> **What is required**: Exclude the pictures, then repeat exactly each line from the one containing "this 1250×1478 image." to the final line of the records that follow.

> **Task input**:
========

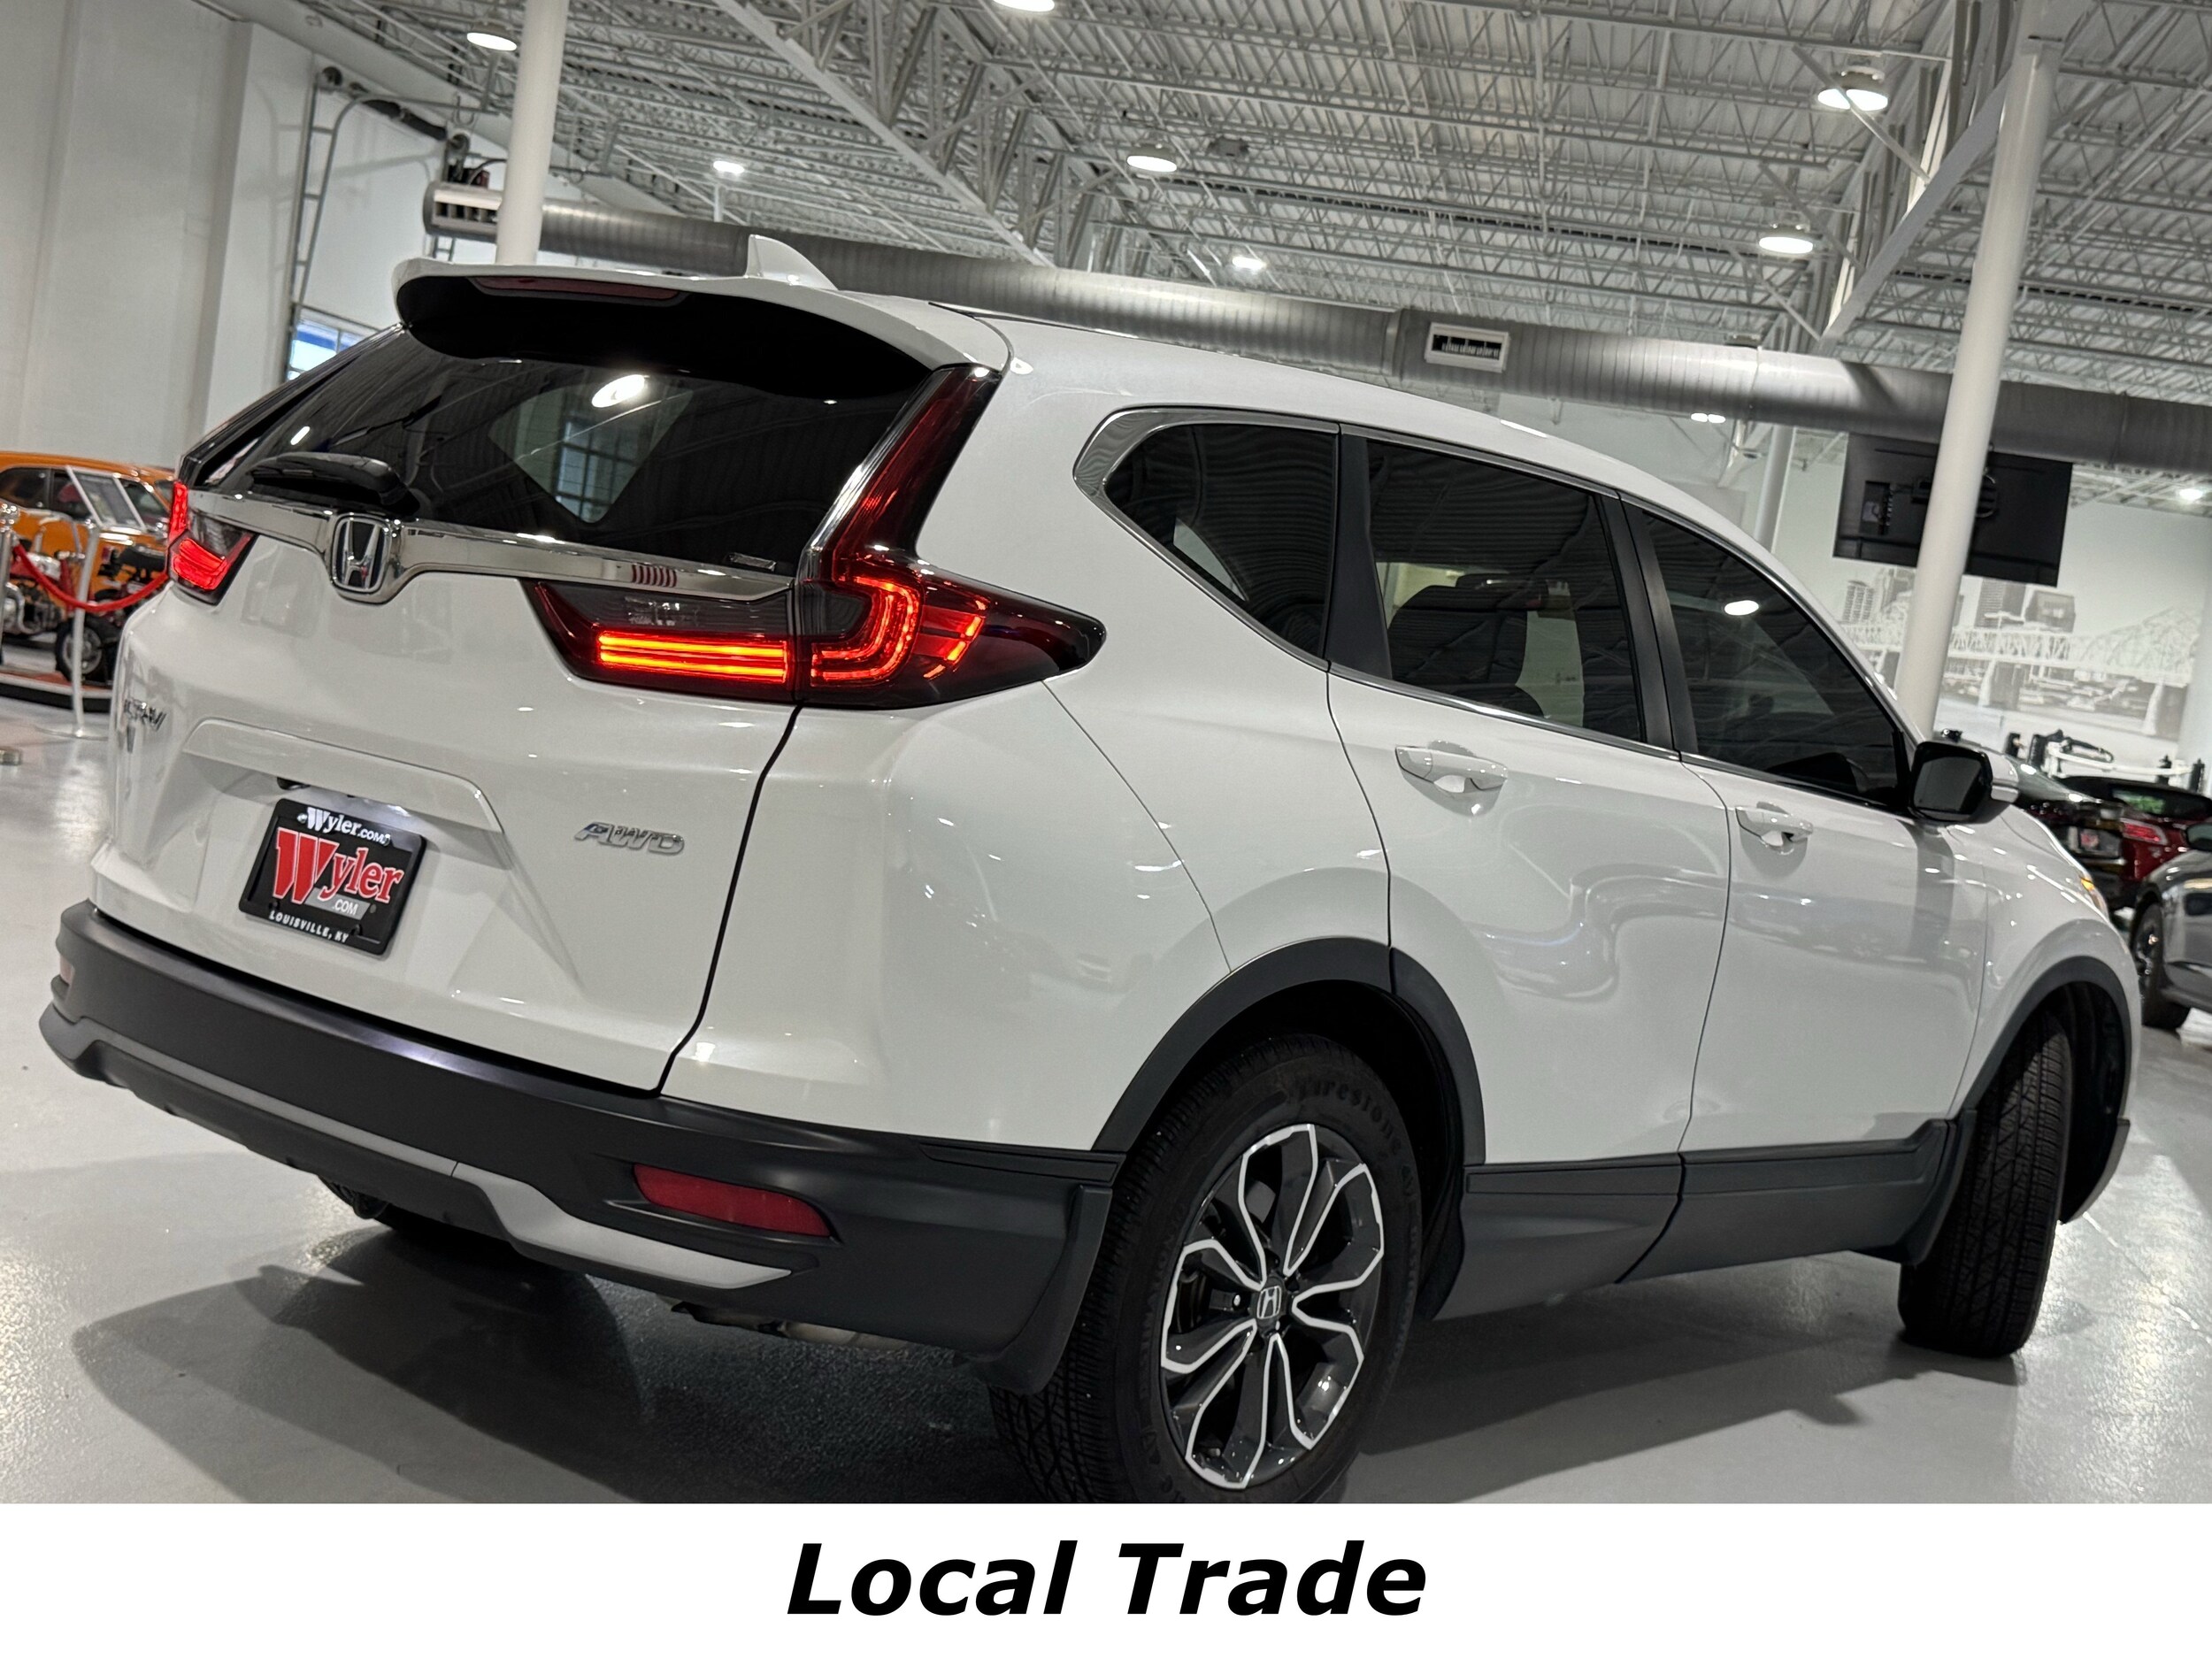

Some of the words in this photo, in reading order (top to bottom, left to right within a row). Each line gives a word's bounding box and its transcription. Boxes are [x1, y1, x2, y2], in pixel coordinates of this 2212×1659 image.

[575, 821, 686, 856] AWD
[273, 826, 405, 905] Wyler
[268, 910, 333, 941] LOUISVILLE,
[334, 930, 349, 944] KY
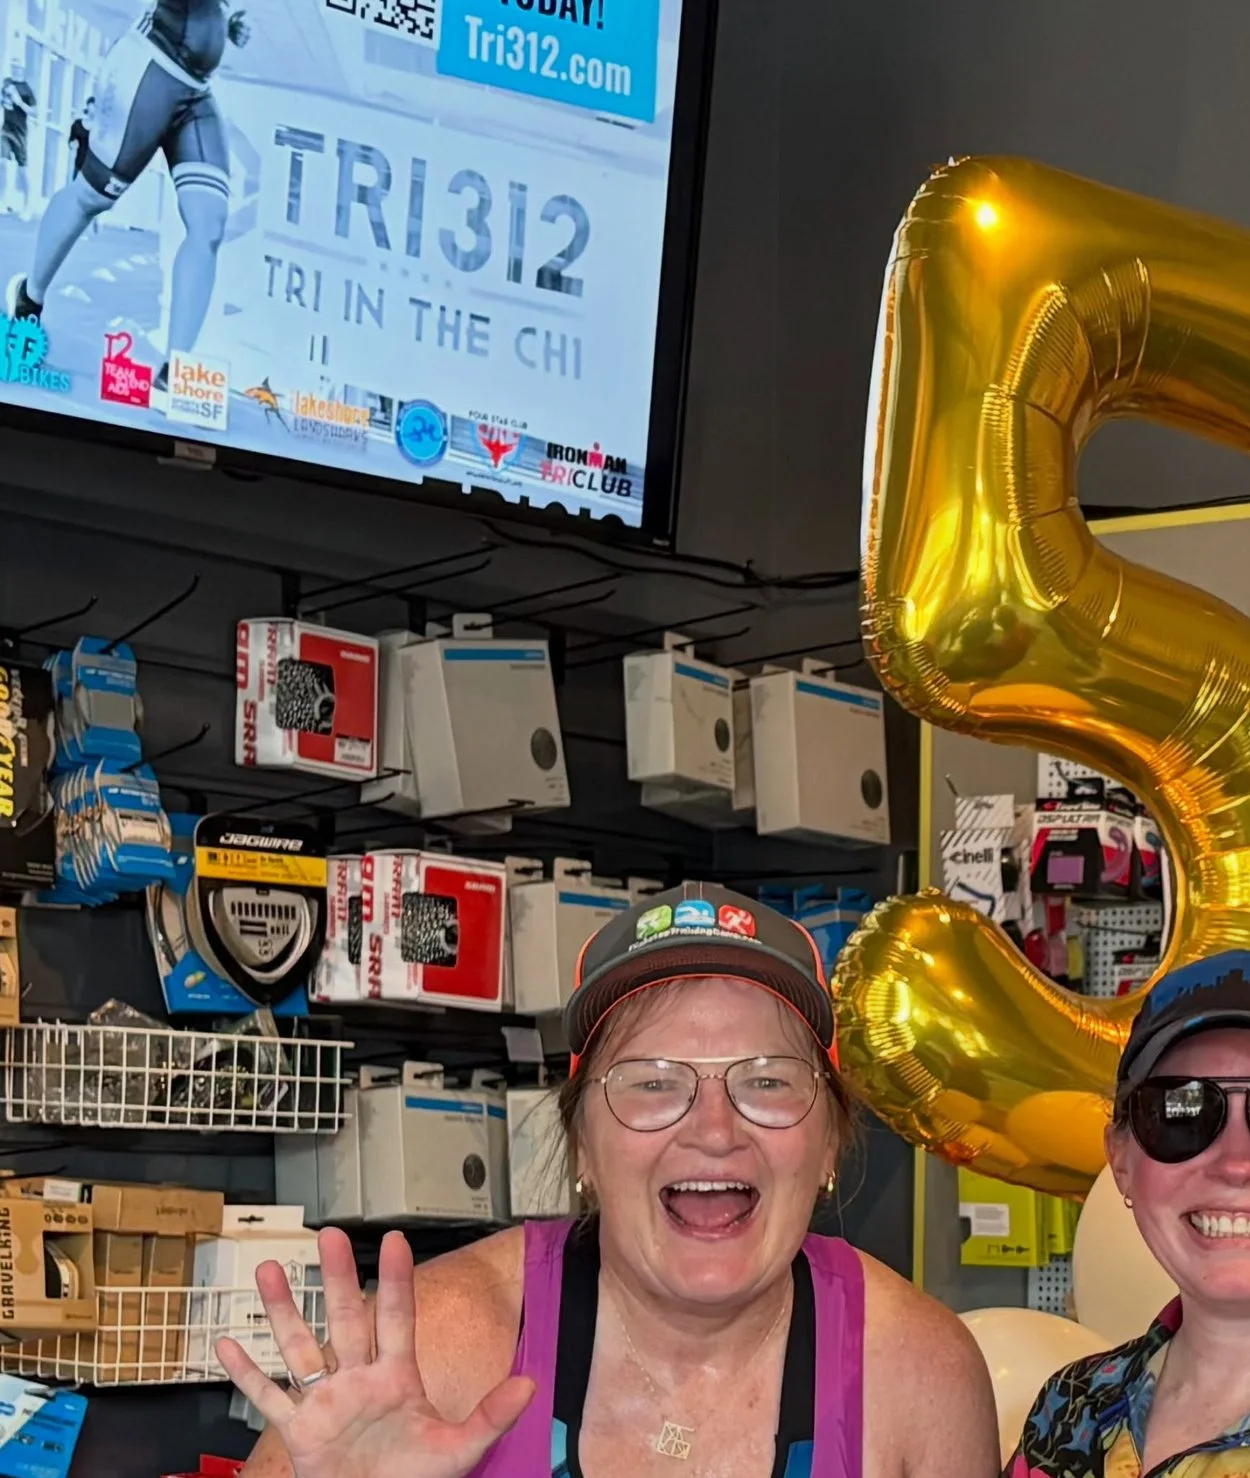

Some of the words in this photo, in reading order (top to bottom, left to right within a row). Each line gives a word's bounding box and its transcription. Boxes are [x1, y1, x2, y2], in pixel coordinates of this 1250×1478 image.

[464, 15, 632, 96] Tri312.com
[274, 124, 590, 298] TRI312
[264, 254, 322, 313] TRI
[343, 279, 385, 329] IN
[409, 296, 490, 358] THE
[514, 326, 583, 381] CHI
[20, 365, 70, 392] BIKES
[174, 357, 226, 387] lake
[173, 378, 225, 403] shore
[200, 402, 224, 420] SF
[546, 441, 627, 475] IRONMAN
[952, 847, 994, 864] cinelli
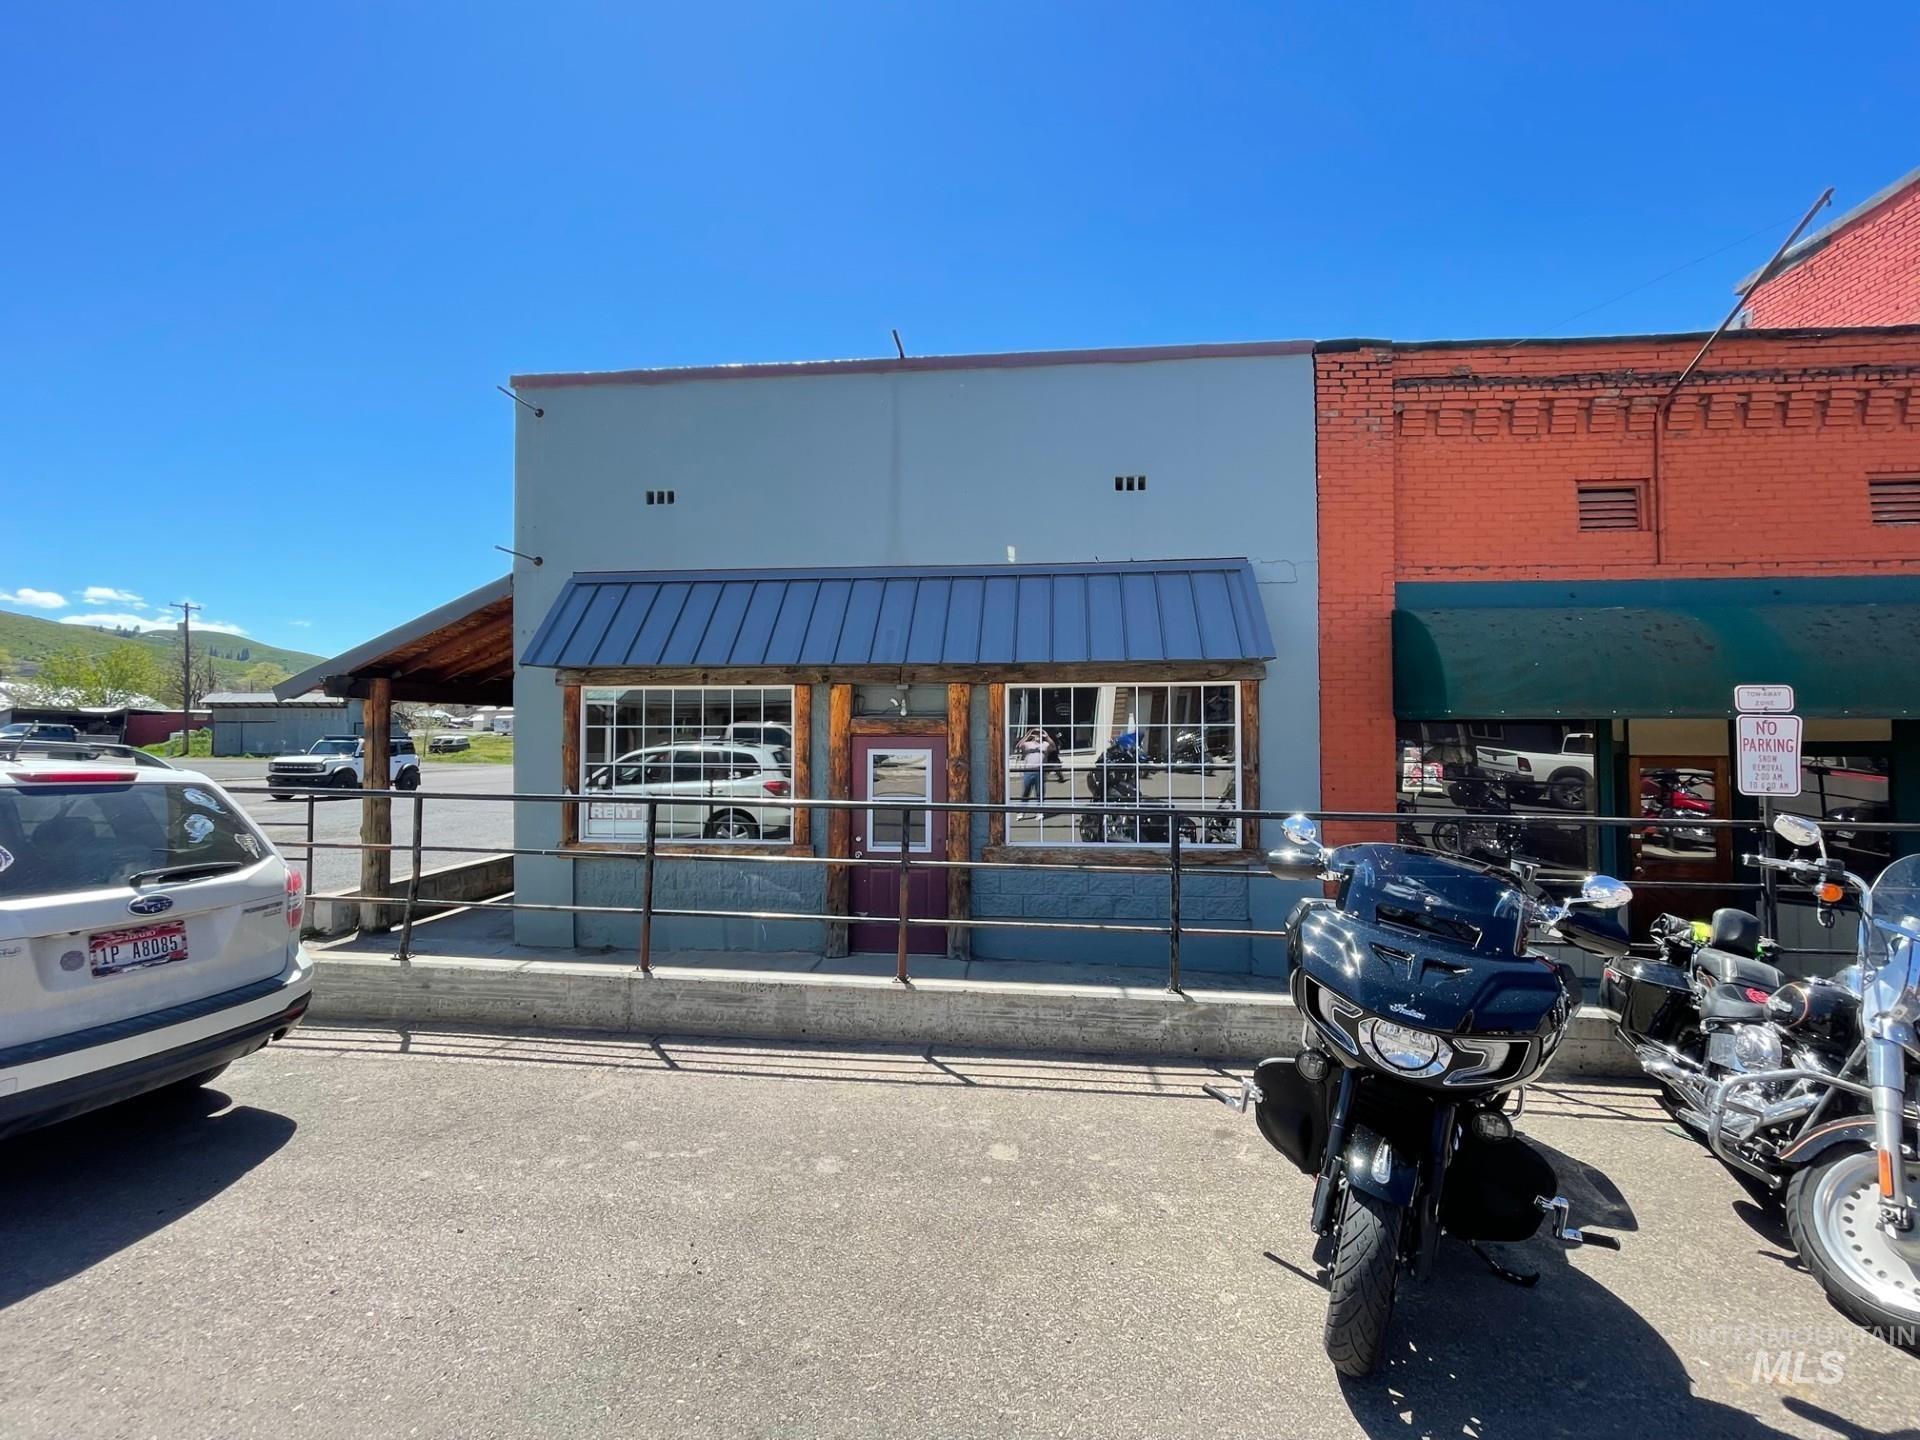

========

> **Task output**:
Some of the words in this photo, in reading order (top to bottom, left to right within a row). Each line gives a word's bounding box and its transcription. Boxes are [x1, y1, x2, y2], in pixel coordinates of this 1250×1478 image.

[464, 15, 632, 96] Tri312.com
[274, 124, 590, 298] TRI312
[264, 254, 322, 313] TRI
[343, 279, 385, 329] IN
[409, 296, 490, 358] THE
[514, 326, 583, 381] CHI
[20, 365, 70, 392] BIKES
[174, 357, 226, 387] lake
[173, 378, 225, 403] shore
[200, 402, 224, 420] SF
[546, 441, 627, 475] IRONMAN
[952, 847, 994, 864] cinelli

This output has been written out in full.